■ **The task**: Ignoring every picture, transcribe the data in full as it stands.

=== Data provided ===

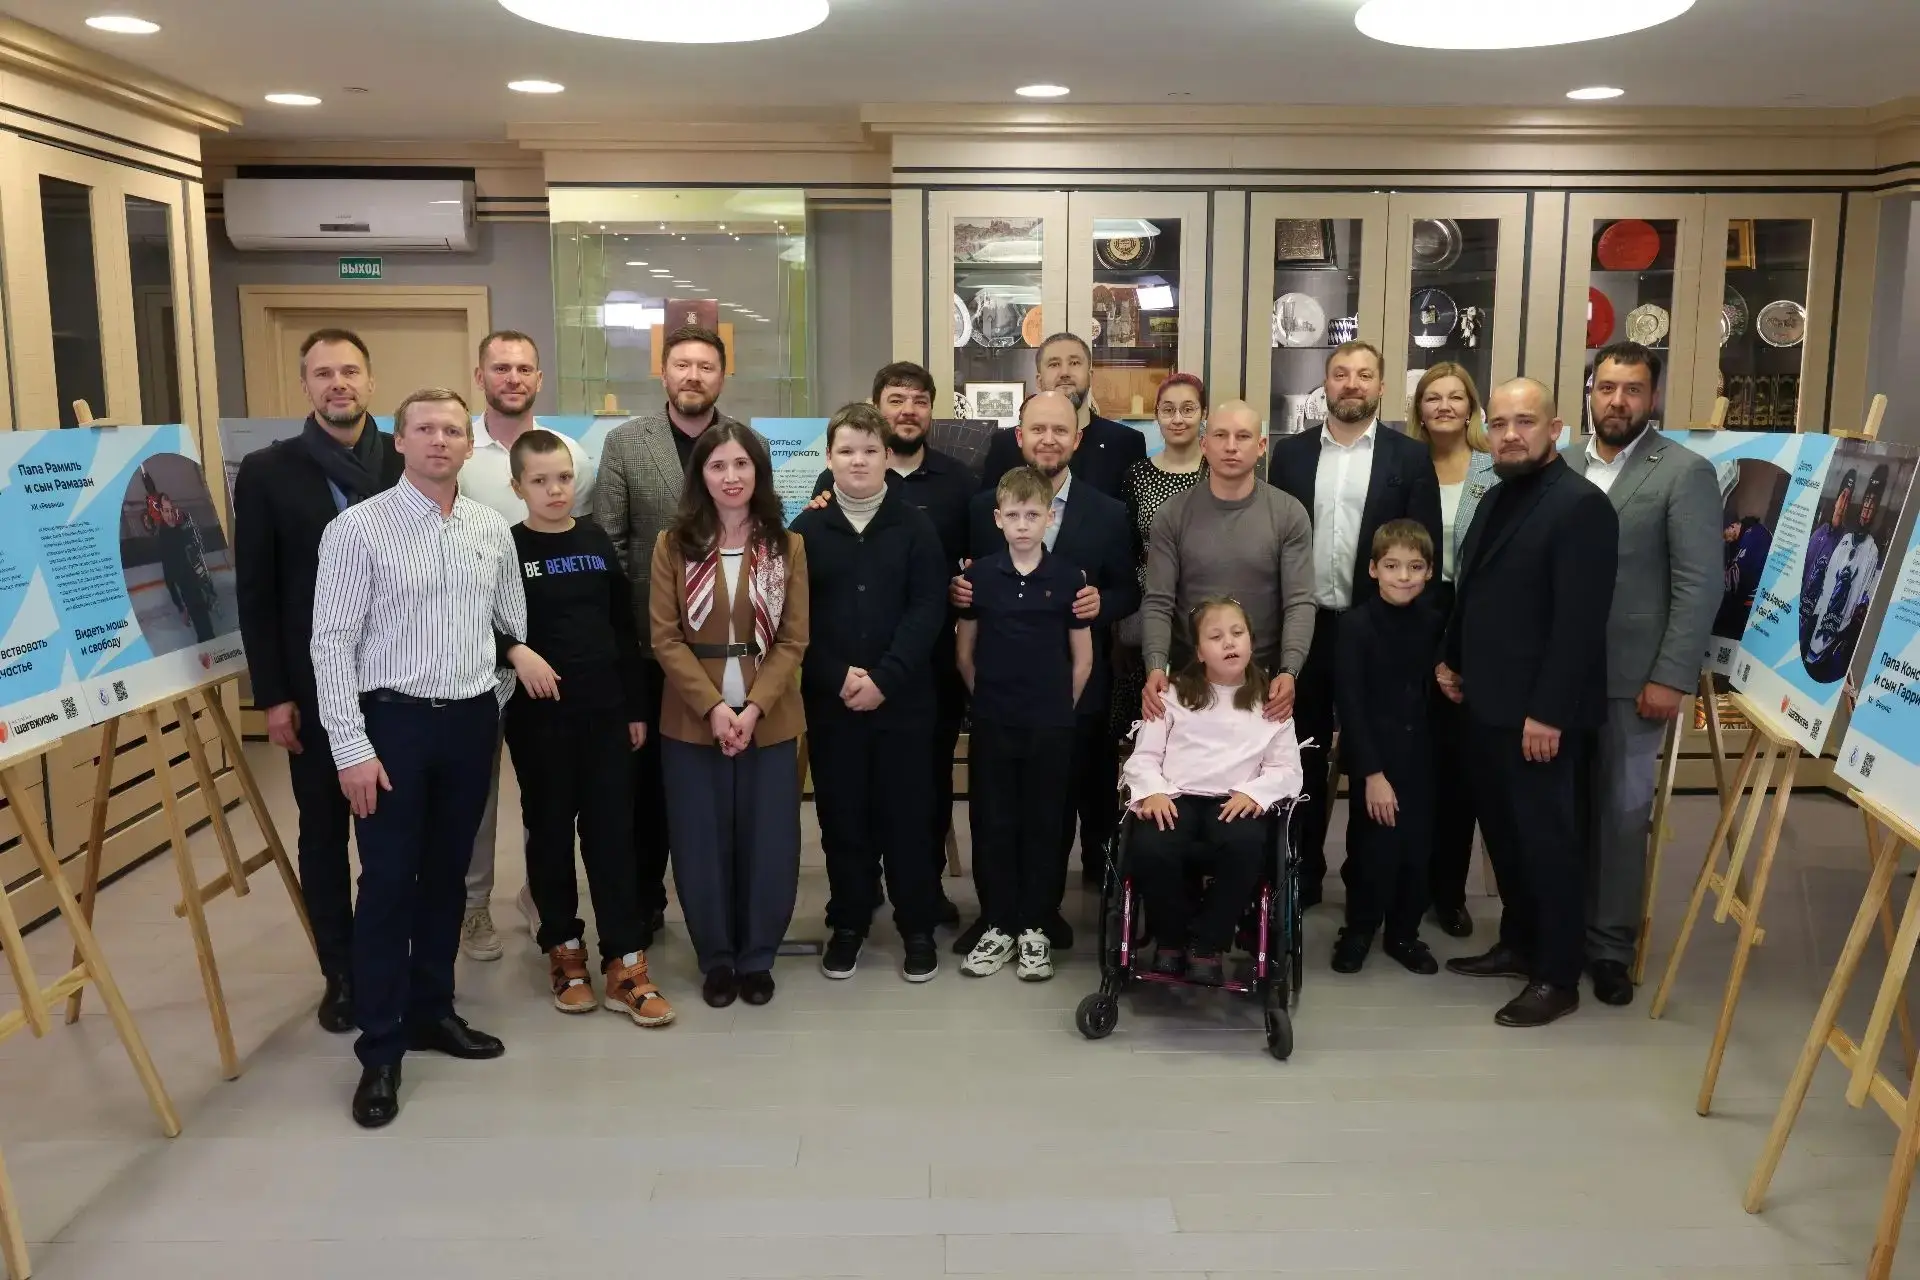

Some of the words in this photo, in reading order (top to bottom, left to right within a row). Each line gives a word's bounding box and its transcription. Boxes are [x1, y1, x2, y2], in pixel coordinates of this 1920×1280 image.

[341, 263, 381, 276] ВЫХОД
[771, 450, 820, 458] отпускать
[18, 464, 44, 476] Папа
[44, 461, 82, 474] Рамиль
[24, 484, 33, 494] и
[33, 482, 54, 493] сын
[53, 477, 95, 491] Рамазан
[524, 561, 542, 578] BE
[545, 555, 607, 575] BENETTON
[75, 625, 106, 641] Видеть
[105, 620, 129, 633] мощь
[81, 647, 88, 656] и
[88, 637, 121, 654] свободу
[0, 661, 33, 680] частье
[1880, 652, 1901, 672] Папа
[1873, 673, 1881, 686] и
[1880, 677, 1898, 694] сын
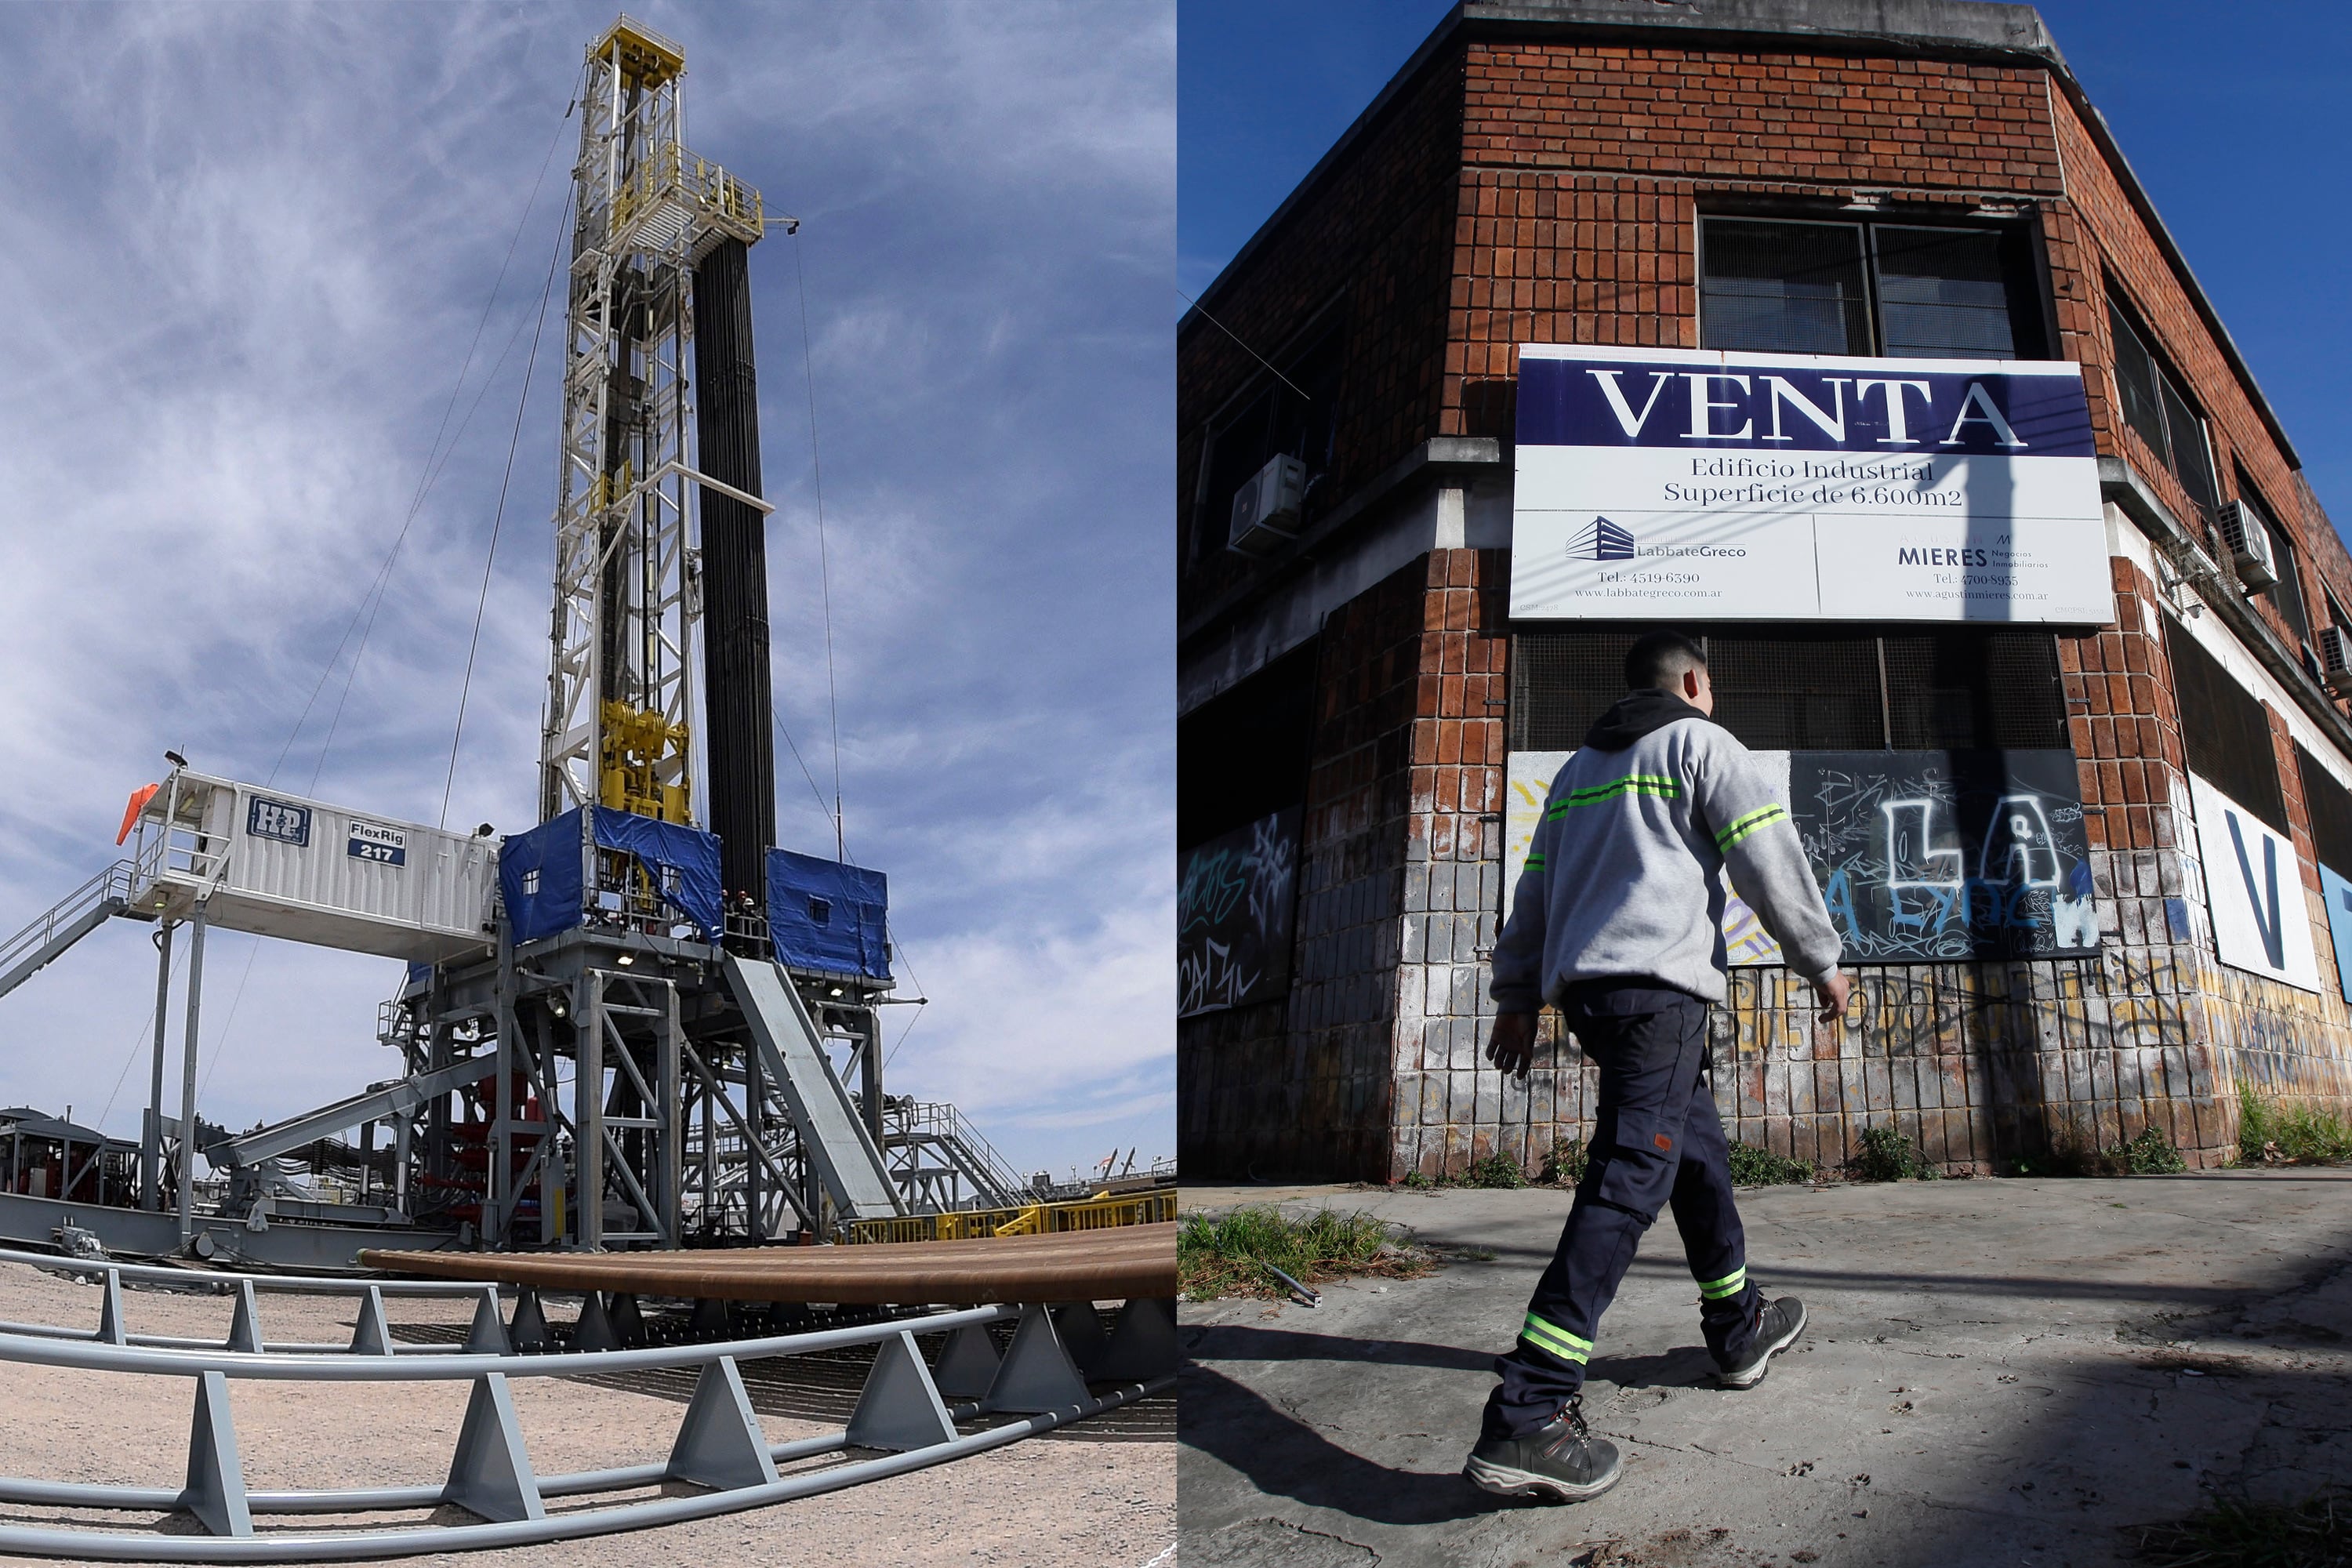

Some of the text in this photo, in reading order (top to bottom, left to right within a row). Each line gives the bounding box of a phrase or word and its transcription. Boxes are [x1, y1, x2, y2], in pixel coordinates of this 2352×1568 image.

[1585, 369, 2029, 447] VENTA
[1690, 457, 1935, 481] Edificio Industrial
[1664, 483, 1963, 507] Superficie de 6.600m2
[1637, 545, 1747, 557] LabbateGreco
[1898, 546, 1988, 568] MIERES
[1991, 550, 2032, 558] Negocios
[1991, 560, 2049, 569] Inmobiliarios
[1597, 572, 1700, 583] Tel.: 4519-6390
[1933, 573, 2019, 586] Tel.: 4700-8935
[1574, 588, 1723, 599] www.labbategreco.com.ar
[1905, 590, 2049, 601] www.agustinmieres.com.ar
[351, 824, 404, 845] FlexRig
[360, 845, 394, 861] 217

===

■ **Exercise answer**:
Some of the words in this photo, in reading order (top to bottom, left to right within a row). Each line gives a word's bounding box and its transcription. Boxes are [x1, y1, x2, y2], in pixel coordinates of this 1920×1280 image.

[341, 263, 381, 276] ВЫХОД
[771, 450, 820, 458] отпускать
[18, 464, 44, 476] Папа
[44, 461, 82, 474] Рамиль
[24, 484, 33, 494] и
[33, 482, 54, 493] сын
[53, 477, 95, 491] Рамазан
[524, 561, 542, 578] BE
[545, 555, 607, 575] BENETTON
[75, 625, 106, 641] Видеть
[105, 620, 129, 633] мощь
[81, 647, 88, 656] и
[88, 637, 121, 654] свободу
[0, 661, 33, 680] частье
[1880, 652, 1901, 672] Папа
[1873, 673, 1881, 686] и
[1880, 677, 1898, 694] сын

Some of the text in this photo, in reading order (top to bottom, left to right within a row). Each line gives the bounding box of a phrase or word and its transcription. Boxes are [x1, y1, x2, y2], in pixel coordinates of this 2352×1568 image.

[1585, 369, 2029, 447] VENTA
[1690, 457, 1935, 481] Edificio Industrial
[1664, 483, 1963, 507] Superficie de 6.600m2
[1637, 545, 1747, 557] LabbateGreco
[1898, 546, 1988, 568] MIERES
[1991, 550, 2032, 558] Negocios
[1991, 560, 2049, 569] Inmobiliarios
[1597, 572, 1700, 583] Tel.: 4519-6390
[1933, 573, 2019, 586] Tel.: 4700-8935
[1574, 588, 1723, 599] www.labbategreco.com.ar
[1905, 590, 2049, 601] www.agustinmieres.com.ar
[351, 824, 404, 845] FlexRig
[360, 845, 394, 861] 217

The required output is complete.